Problem | Output the data word for word, dropping every image.

Data under study |
*** Begin section ***

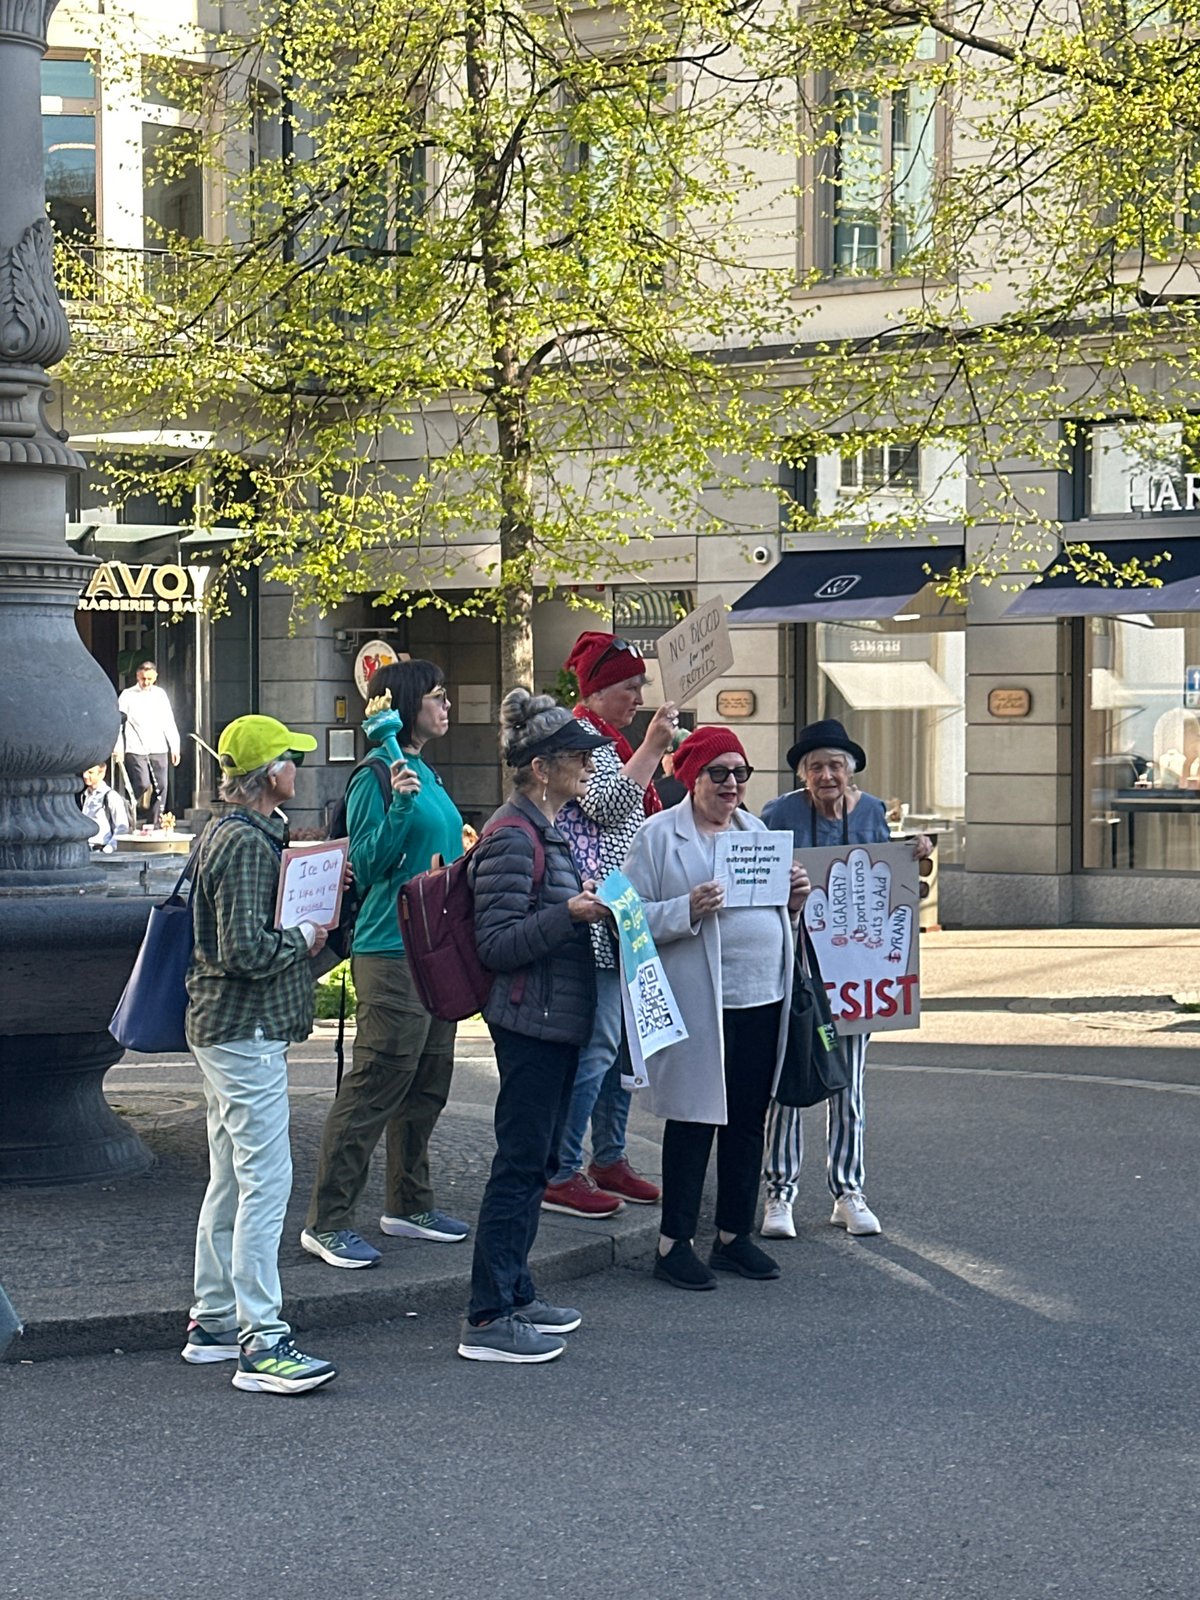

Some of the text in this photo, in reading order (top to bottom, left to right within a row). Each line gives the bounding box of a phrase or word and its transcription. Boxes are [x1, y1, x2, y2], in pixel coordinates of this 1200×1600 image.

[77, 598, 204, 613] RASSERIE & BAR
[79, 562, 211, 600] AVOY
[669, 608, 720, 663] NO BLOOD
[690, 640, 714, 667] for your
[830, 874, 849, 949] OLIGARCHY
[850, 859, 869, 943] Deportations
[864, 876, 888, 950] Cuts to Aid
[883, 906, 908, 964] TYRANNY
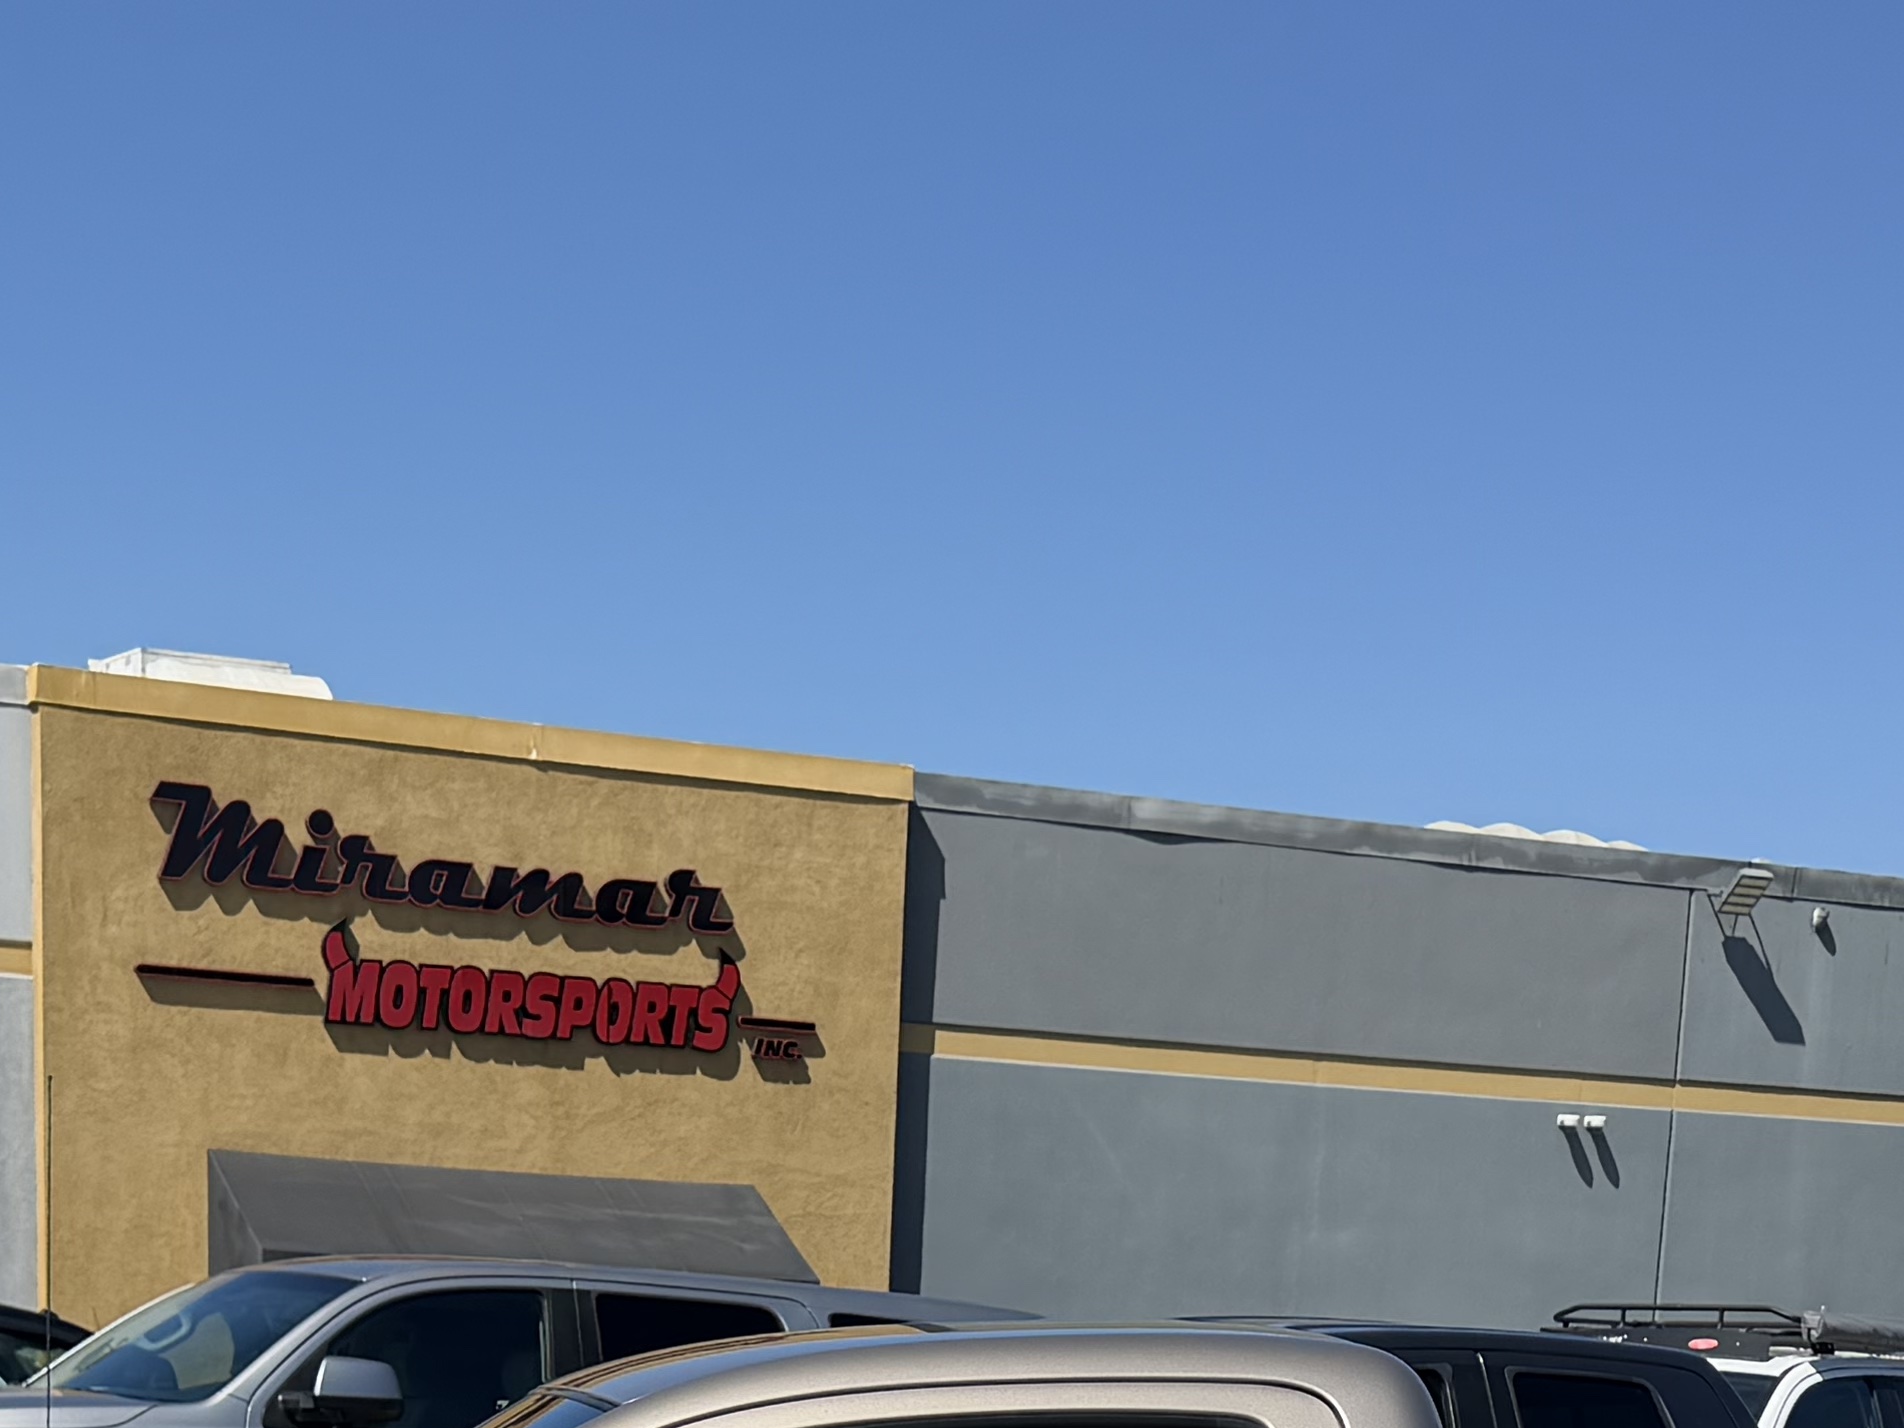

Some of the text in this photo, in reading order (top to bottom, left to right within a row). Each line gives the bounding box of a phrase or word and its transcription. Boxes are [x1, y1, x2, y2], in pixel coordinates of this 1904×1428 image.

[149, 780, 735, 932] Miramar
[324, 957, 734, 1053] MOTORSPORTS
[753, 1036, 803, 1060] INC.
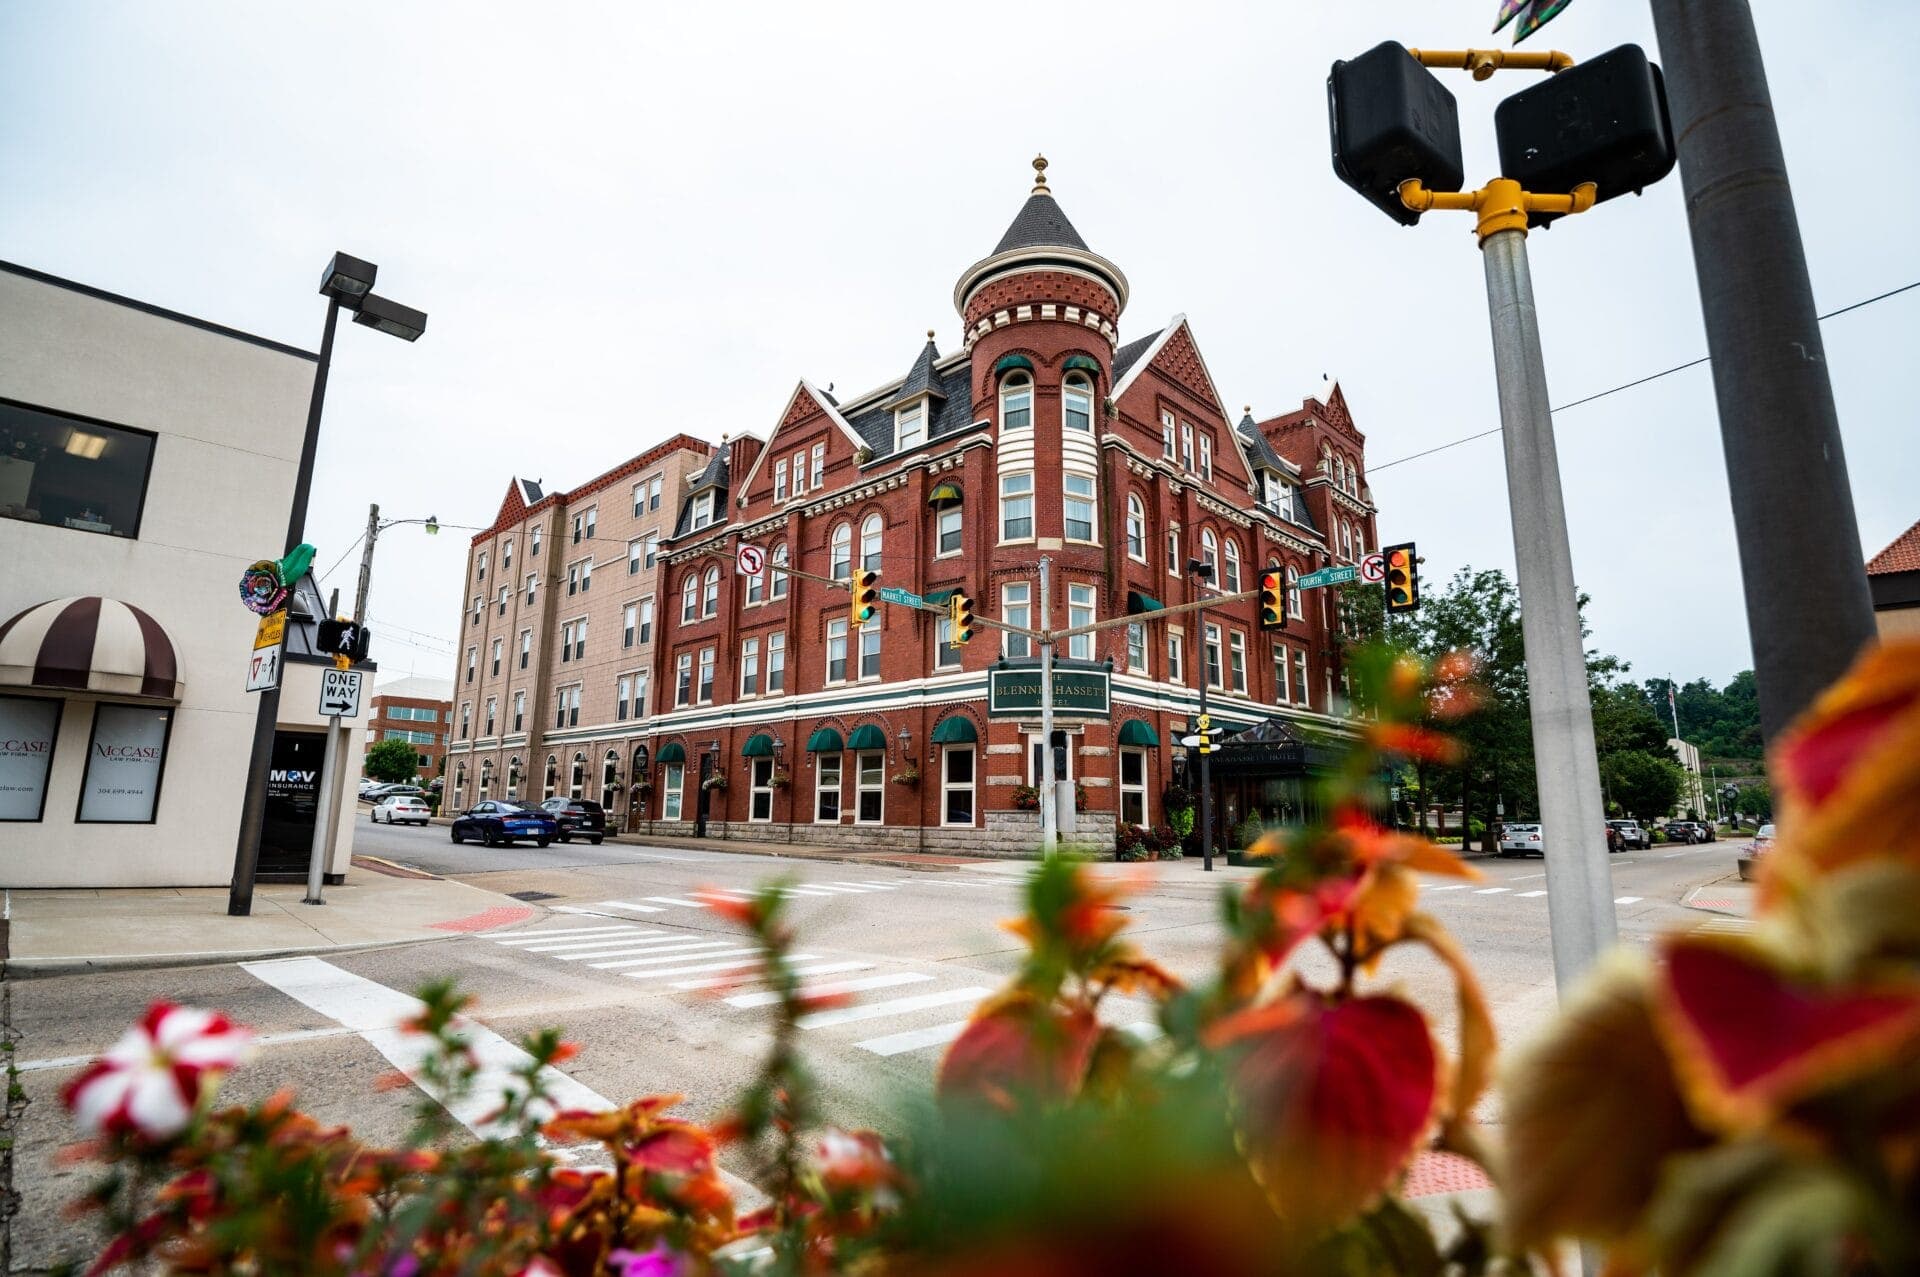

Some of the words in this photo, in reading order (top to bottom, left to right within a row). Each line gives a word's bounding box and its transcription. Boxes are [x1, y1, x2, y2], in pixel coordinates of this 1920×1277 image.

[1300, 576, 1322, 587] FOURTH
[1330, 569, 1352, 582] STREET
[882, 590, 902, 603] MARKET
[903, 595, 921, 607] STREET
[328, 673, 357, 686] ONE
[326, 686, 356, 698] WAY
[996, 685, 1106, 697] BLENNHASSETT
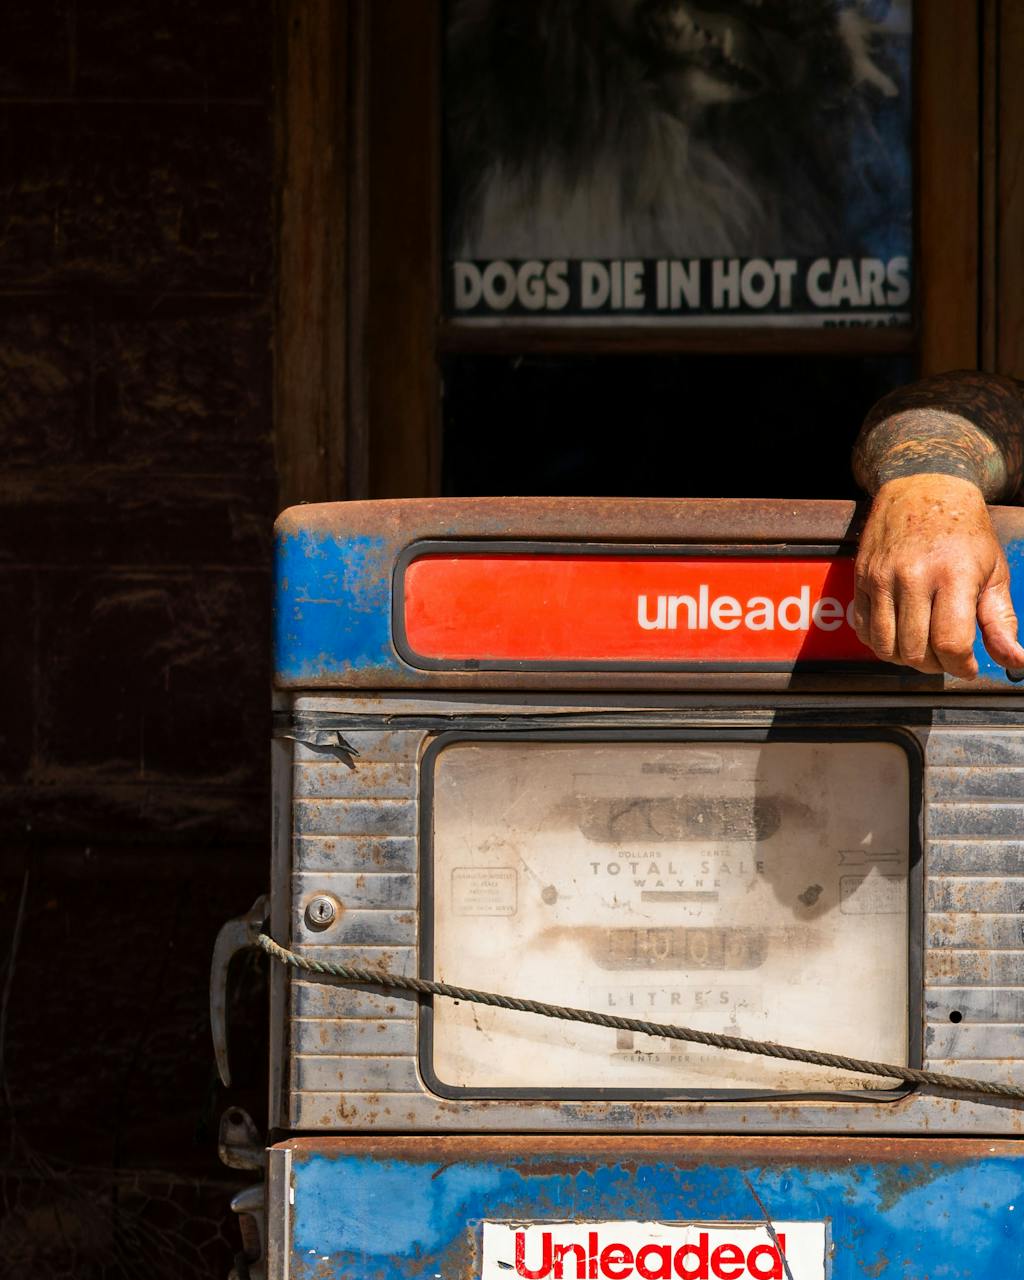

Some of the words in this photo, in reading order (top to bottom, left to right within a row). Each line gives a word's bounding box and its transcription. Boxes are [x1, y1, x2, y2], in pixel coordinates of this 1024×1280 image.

*** End section ***

Exercise output |
Some of the text in this photo, in reading order (top to bottom, left to right within a row). Each line gives the bounding box of a phrase or word and its transcription. Boxes are [x1, y1, x2, y2], in pixel coordinates of this 1200×1600 image.

[77, 598, 204, 613] RASSERIE & BAR
[79, 562, 211, 600] AVOY
[669, 608, 720, 663] NO BLOOD
[690, 640, 714, 667] for your
[830, 874, 849, 949] OLIGARCHY
[850, 859, 869, 943] Deportations
[864, 876, 888, 950] Cuts to Aid
[883, 906, 908, 964] TYRANNY

Some of the text in this photo, in reading order (top to bottom, left to right within a row). Each line gives the bounding box of a phrase or word and its transcription. Boxes are [x1, y1, x2, y2], in pixel coordinates of this 1904×1428 image.

[149, 780, 735, 932] Miramar
[324, 957, 734, 1053] MOTORSPORTS
[753, 1036, 803, 1060] INC.

Some of the words in this photo, in reading order (top to bottom, left to right within a row). Each line gives a word's bounding box and its transcription. Boxes are [x1, y1, x2, y2], in pixel coordinates of this 1920×1277 image.

[1300, 576, 1322, 587] FOURTH
[1330, 569, 1352, 582] STREET
[882, 590, 902, 603] MARKET
[903, 595, 921, 607] STREET
[328, 673, 357, 686] ONE
[326, 686, 356, 698] WAY
[996, 685, 1106, 697] BLENNHASSETT

Some of the words in this photo, in reading order (top to bottom, left to right within a row). Each line gives a word's bounding box and its transcription. Boxes are [x1, y1, x2, y2], in pixel coordinates of this 1024×1280 image.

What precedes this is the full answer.